CYPHP was not cost-effective at 6 months or under the NHS/PSS perspective. Trends towards cost-effectiveness are observed once a longer time horizon and a more inclusive perspective on effects is considered. Further research beyond 12 months is needed as the model becomes firmly embedded into the paediatric healthcare delivery system.

Funding

This research was funded by Guy's and St Thomas' Charity, Lambeth and Southwark Clinical Commissioning Groups. The funders had no role in the writing of the manuscript, decision to submit it for publication, or any other process involved in the research.

Keywords: Cost-effectiveness, Integrated care, Child health, Chronic conditions, Quality-adjusted life years, Health care costs


Research in context.

Evidence before this study

The UK fares worse than other high-income countries in the clinical management and health outcomes of children with chronic conditions. Enhancing the integration of health services across primary and secondary care has been suggested as a way of improving quality of care and reducing secondary healthcare use. However, little is known about the cost-effectiveness of this approach. We performed a search on PubMed with (economic evaluation OR cost-effectiveness OR cost-utility OR cost-benefit) AND (integrat∗) AND (child∗) which retrieved 96 items as of November 8th, 2022. Seven studies were conducted in low- and middle-income countries (China, India, Colombia, Ethiopia, Indonesia, Kenya, Somalia, Rwanda), one observational study in the USA, a small RCT in Australia, and the remaining studies were not relevant (e.g., study protocols or not on integrated care for paediatric populations). No economic evaluation of integrated paediatric care in the UK was found.

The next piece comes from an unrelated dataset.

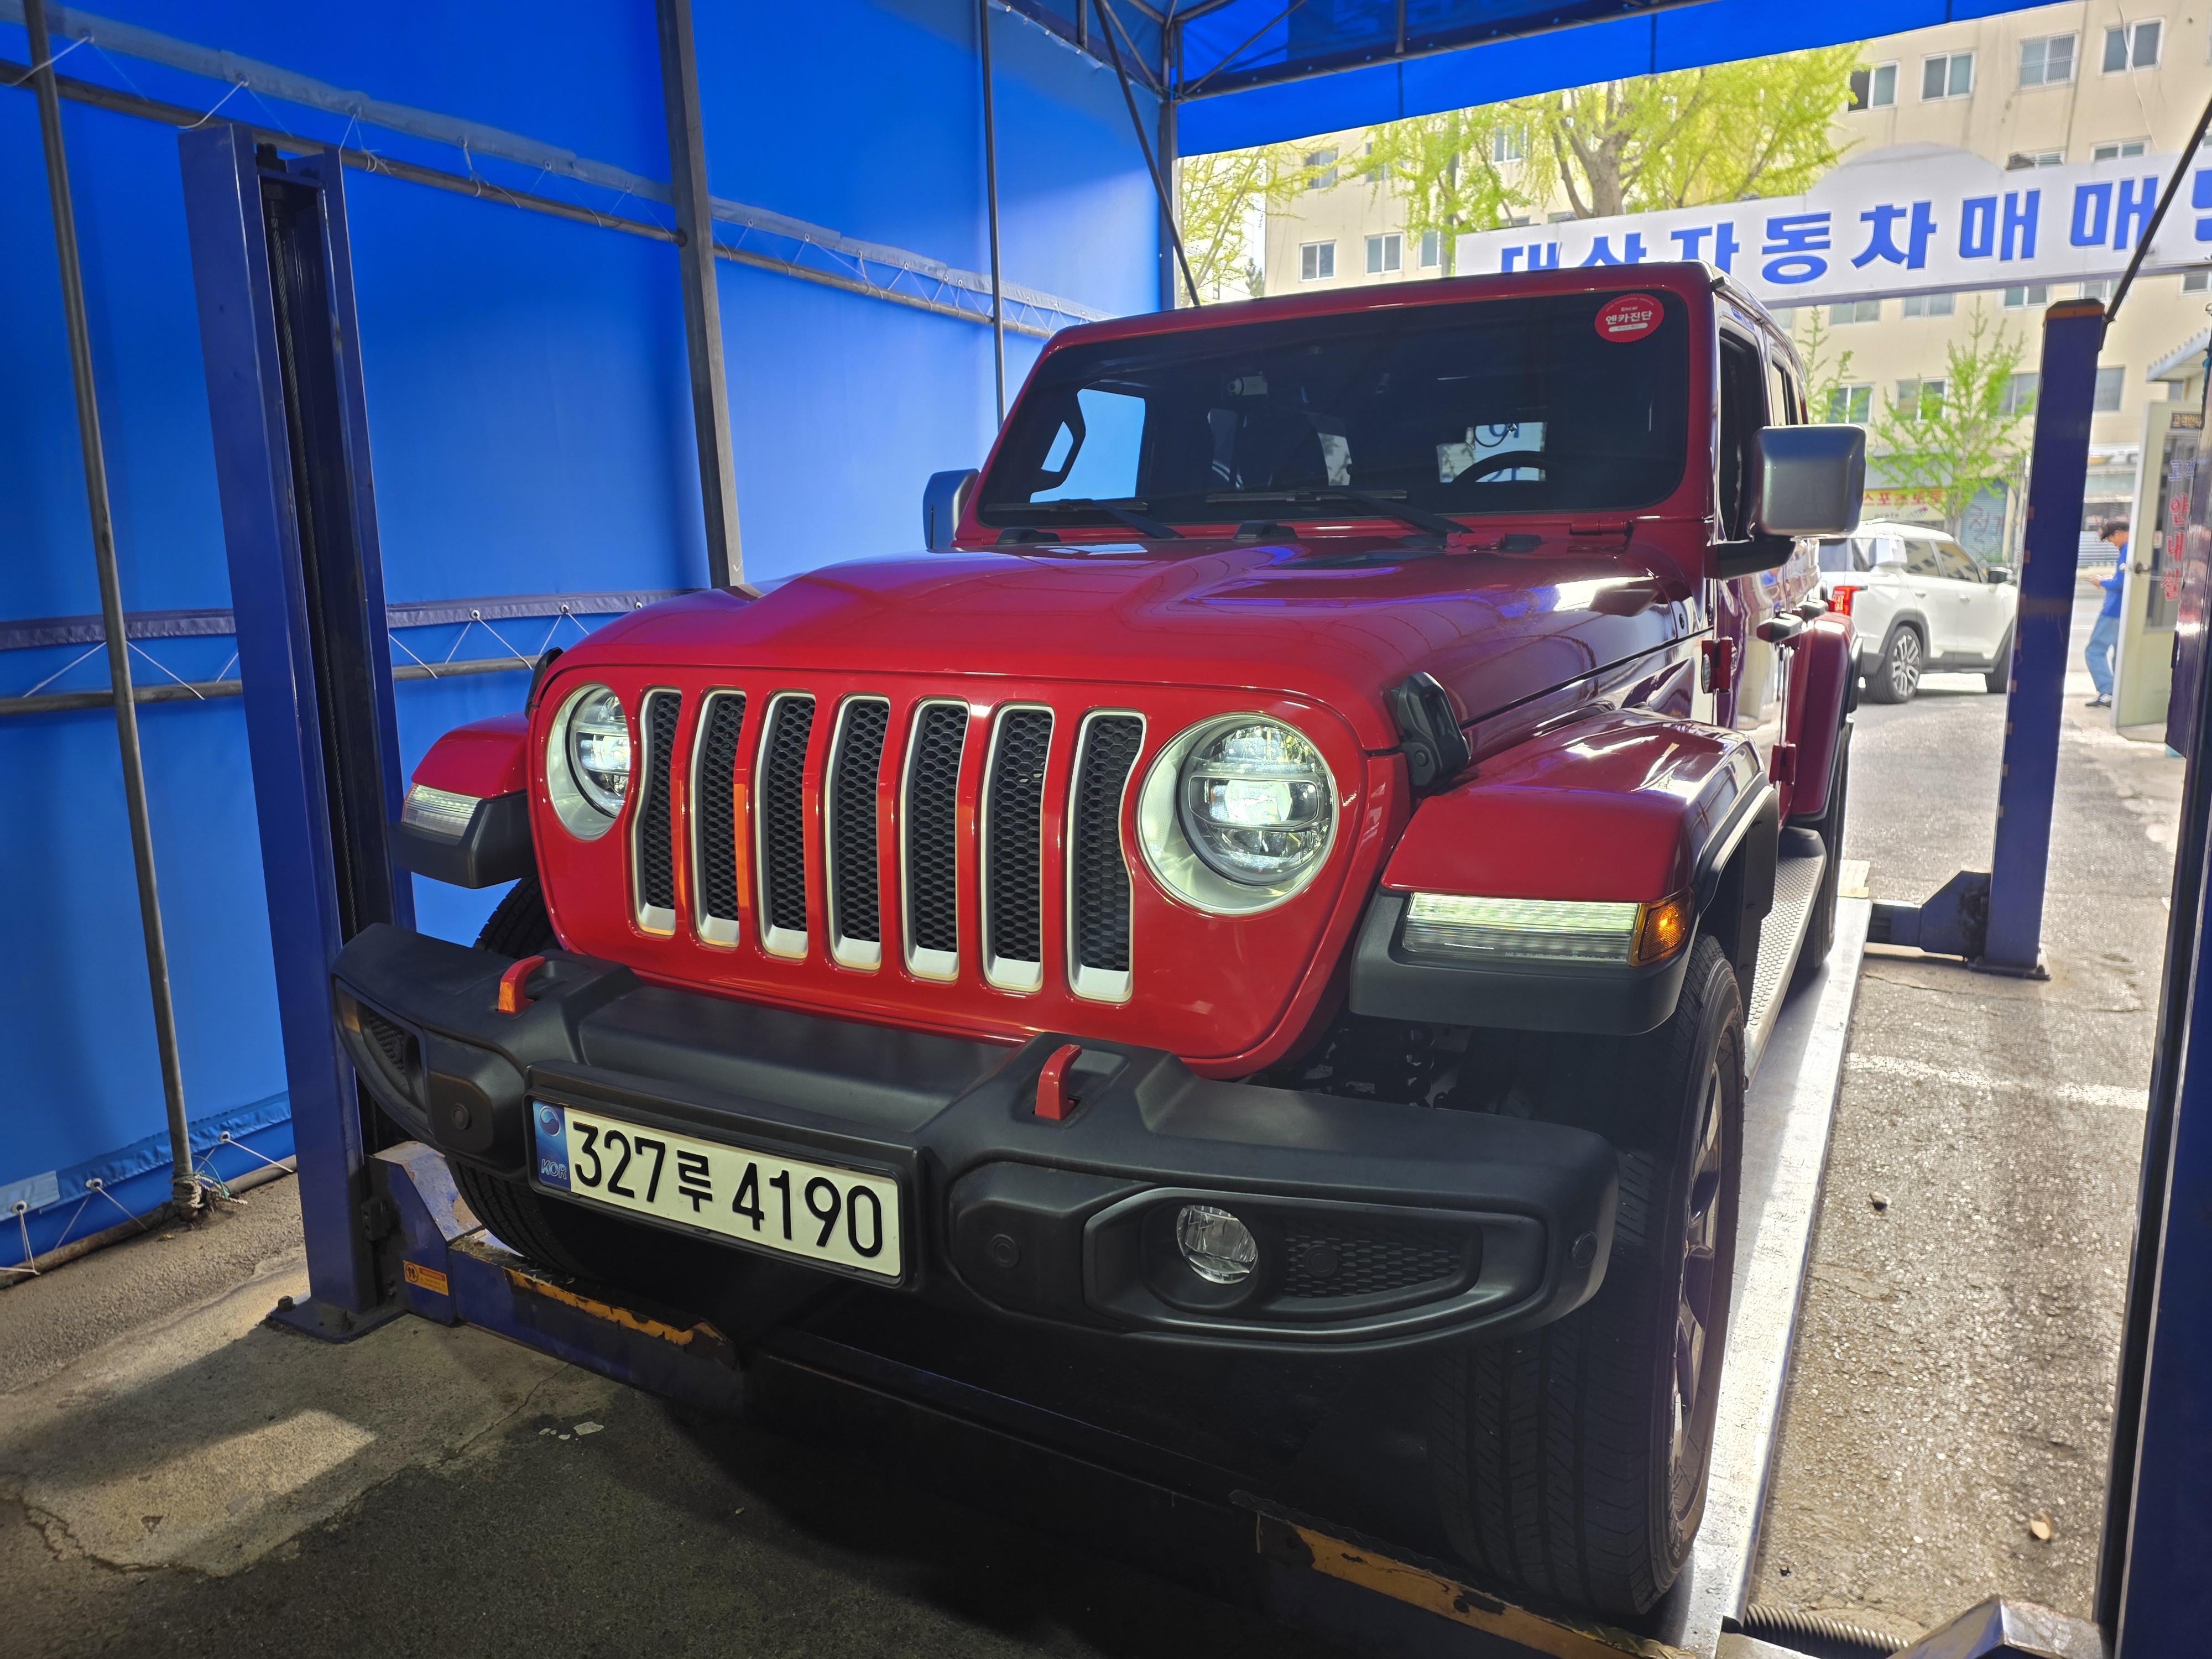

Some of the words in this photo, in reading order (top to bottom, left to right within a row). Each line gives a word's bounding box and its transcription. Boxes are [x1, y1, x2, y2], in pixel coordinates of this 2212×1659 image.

[1605, 310, 1653, 325] 엔카진단
[541, 1159, 567, 1180] KOR
[732, 1162, 883, 1258] 4190

The scarce existing evidence weakly supports the cost-effectiveness of integrated care models; well-powered RCT studies are needed. Understanding whether paediatric care integration is an efficient strategy to improve health services for children with chronic conditions is particularly urgent in the current context of increasing constrained health budgets globally.

Added value of this study

The Children and Young People's Health Partnership (CYPHP) is a complex intervention aimed at advancing the integration of paediatric health services for children in the community with common chronic conditions (asthma, eczema, and constipation). The intervention was evaluated via a large, pragmatic, cluster randomised controlled trial in South London conducted between 2018 and 2021. This paper presents the results of the economic evaluation alongside the pragmatic cluster RCT, which involved 97,970 children including 1,731 participants with asthma, eczema or constipation with self-reported health-related quality of life measures. It includes cost-effectiveness, cost-utility, and cost-benefit analyses at 6 and 12 months, under both the NHS/Personal Social Service and societal perspectives, to comprehensively evaluate the possible diverse effects of CYPHP. This study contributes to the scarce literature on economic evaluations of complex service re-organisations.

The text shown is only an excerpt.